Output all of the material exactly; leave out no line.

• [DATA]:

-.-.-

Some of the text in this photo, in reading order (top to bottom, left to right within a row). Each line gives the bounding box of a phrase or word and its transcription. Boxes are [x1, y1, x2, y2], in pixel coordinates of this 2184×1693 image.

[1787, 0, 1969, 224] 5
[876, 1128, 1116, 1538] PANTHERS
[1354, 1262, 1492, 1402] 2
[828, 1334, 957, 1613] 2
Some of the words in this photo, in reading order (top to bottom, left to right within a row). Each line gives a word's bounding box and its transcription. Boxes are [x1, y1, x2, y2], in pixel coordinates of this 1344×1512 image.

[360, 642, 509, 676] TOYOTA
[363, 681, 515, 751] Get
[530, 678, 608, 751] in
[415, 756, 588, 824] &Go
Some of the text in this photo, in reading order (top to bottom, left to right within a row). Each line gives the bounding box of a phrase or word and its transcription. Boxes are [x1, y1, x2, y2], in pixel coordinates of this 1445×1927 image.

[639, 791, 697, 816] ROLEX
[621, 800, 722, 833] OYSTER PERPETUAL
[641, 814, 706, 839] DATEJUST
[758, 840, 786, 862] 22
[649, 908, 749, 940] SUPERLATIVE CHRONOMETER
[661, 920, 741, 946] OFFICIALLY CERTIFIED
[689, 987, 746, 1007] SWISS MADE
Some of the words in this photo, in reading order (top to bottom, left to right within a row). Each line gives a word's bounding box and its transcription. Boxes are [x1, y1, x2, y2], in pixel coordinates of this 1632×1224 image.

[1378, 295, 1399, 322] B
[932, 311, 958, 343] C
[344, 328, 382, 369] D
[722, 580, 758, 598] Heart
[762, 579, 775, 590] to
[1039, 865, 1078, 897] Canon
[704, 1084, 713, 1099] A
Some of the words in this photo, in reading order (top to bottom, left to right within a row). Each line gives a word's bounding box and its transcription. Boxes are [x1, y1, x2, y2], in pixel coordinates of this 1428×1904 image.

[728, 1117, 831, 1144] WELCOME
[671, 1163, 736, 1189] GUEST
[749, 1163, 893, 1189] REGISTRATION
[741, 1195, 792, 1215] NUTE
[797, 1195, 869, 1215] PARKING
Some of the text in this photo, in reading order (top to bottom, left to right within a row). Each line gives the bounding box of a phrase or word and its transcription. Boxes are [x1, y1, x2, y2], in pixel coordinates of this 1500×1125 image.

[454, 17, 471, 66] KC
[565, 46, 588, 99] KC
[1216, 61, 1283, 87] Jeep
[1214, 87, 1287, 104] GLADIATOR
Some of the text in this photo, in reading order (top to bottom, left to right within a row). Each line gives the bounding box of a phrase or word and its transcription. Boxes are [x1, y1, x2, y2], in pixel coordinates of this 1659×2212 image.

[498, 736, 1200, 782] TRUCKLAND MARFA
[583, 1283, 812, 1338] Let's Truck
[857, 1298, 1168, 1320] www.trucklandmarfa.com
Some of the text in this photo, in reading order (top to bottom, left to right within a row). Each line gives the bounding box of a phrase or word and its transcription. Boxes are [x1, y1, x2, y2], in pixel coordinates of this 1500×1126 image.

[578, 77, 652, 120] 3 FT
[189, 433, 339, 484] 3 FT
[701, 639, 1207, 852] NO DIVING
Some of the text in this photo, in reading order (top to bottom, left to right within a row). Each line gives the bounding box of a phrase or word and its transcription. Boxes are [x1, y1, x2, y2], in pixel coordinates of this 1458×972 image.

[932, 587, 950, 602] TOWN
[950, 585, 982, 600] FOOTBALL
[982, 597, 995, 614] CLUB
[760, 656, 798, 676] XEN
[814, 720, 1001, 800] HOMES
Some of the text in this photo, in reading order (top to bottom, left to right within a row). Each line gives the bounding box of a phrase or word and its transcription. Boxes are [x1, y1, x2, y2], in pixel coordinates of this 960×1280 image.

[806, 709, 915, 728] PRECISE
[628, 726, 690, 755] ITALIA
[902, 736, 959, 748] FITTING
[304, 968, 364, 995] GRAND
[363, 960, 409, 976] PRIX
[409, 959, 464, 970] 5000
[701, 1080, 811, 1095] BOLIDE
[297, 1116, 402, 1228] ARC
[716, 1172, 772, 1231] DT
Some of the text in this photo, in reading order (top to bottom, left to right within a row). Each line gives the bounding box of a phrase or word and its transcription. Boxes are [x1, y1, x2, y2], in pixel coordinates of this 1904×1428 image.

-.-.-

• [SOLUTION]:
Some of the text in this photo, in reading order (top to bottom, left to right within a row). Each line gives the bounding box of a phrase or word and its transcription. Boxes are [x1, y1, x2, y2], in pixel coordinates of this 2184×1693 image.

[1787, 0, 1969, 224] 5
[876, 1128, 1116, 1538] PANTHERS
[1354, 1262, 1492, 1402] 2
[828, 1334, 957, 1613] 2
Some of the words in this photo, in reading order (top to bottom, left to right within a row). Each line gives a word's bounding box and its transcription. Boxes are [x1, y1, x2, y2], in pixel coordinates of this 1344×1512 image.

[360, 642, 509, 676] TOYOTA
[363, 681, 515, 751] Get
[530, 678, 608, 751] in
[415, 756, 588, 824] &Go
Some of the text in this photo, in reading order (top to bottom, left to right within a row). Each line gives the bounding box of a phrase or word and its transcription. Boxes are [x1, y1, x2, y2], in pixel coordinates of this 1445×1927 image.

[639, 791, 697, 816] ROLEX
[621, 800, 722, 833] OYSTER PERPETUAL
[641, 814, 706, 839] DATEJUST
[758, 840, 786, 862] 22
[649, 908, 749, 940] SUPERLATIVE CHRONOMETER
[661, 920, 741, 946] OFFICIALLY CERTIFIED
[689, 987, 746, 1007] SWISS MADE
Some of the words in this photo, in reading order (top to bottom, left to right within a row). Each line gives a word's bounding box and its transcription. Boxes are [x1, y1, x2, y2], in pixel coordinates of this 1632×1224 image.

[1378, 295, 1399, 322] B
[932, 311, 958, 343] C
[344, 328, 382, 369] D
[722, 580, 758, 598] Heart
[762, 579, 775, 590] to
[1039, 865, 1078, 897] Canon
[704, 1084, 713, 1099] A
Some of the words in this photo, in reading order (top to bottom, left to right within a row). Each line gives a word's bounding box and its transcription. Boxes are [x1, y1, x2, y2], in pixel coordinates of this 1428×1904 image.

[728, 1117, 831, 1144] WELCOME
[671, 1163, 736, 1189] GUEST
[749, 1163, 893, 1189] REGISTRATION
[741, 1195, 792, 1215] NUTE
[797, 1195, 869, 1215] PARKING
Some of the text in this photo, in reading order (top to bottom, left to right within a row). Each line gives the bounding box of a phrase or word and its transcription. Boxes are [x1, y1, x2, y2], in pixel coordinates of this 1500×1125 image.

[454, 17, 471, 66] KC
[565, 46, 588, 99] KC
[1216, 61, 1283, 87] Jeep
[1214, 87, 1287, 104] GLADIATOR
Some of the text in this photo, in reading order (top to bottom, left to right within a row). Each line gives the bounding box of a phrase or word and its transcription. Boxes are [x1, y1, x2, y2], in pixel coordinates of this 1659×2212 image.

[498, 736, 1200, 782] TRUCKLAND MARFA
[583, 1283, 812, 1338] Let's Truck
[857, 1298, 1168, 1320] www.trucklandmarfa.com
Some of the text in this photo, in reading order (top to bottom, left to right within a row). Each line gives the bounding box of a phrase or word and its transcription. Boxes are [x1, y1, x2, y2], in pixel coordinates of this 1500×1126 image.

[578, 77, 652, 120] 3 FT
[189, 433, 339, 484] 3 FT
[701, 639, 1207, 852] NO DIVING
Some of the text in this photo, in reading order (top to bottom, left to right within a row). Each line gives the bounding box of a phrase or word and its transcription. Boxes are [x1, y1, x2, y2], in pixel coordinates of this 1458×972 image.

[932, 587, 950, 602] TOWN
[950, 585, 982, 600] FOOTBALL
[982, 597, 995, 614] CLUB
[760, 656, 798, 676] XEN
[814, 720, 1001, 800] HOMES
Some of the text in this photo, in reading order (top to bottom, left to right within a row). Each line gives the bounding box of a phrase or word and its transcription. Boxes are [x1, y1, x2, y2], in pixel coordinates of this 960×1280 image.

[806, 709, 915, 728] PRECISE
[628, 726, 690, 755] ITALIA
[902, 736, 959, 748] FITTING
[304, 968, 364, 995] GRAND
[363, 960, 409, 976] PRIX
[409, 959, 464, 970] 5000
[701, 1080, 811, 1095] BOLIDE
[297, 1116, 402, 1228] ARC
[716, 1172, 772, 1231] DT
Some of the text in this photo, in reading order (top to bottom, left to right within a row). Each line gives the bounding box of a phrase or word and its transcription. Boxes are [x1, y1, x2, y2], in pixel coordinates of this 1904×1428 image.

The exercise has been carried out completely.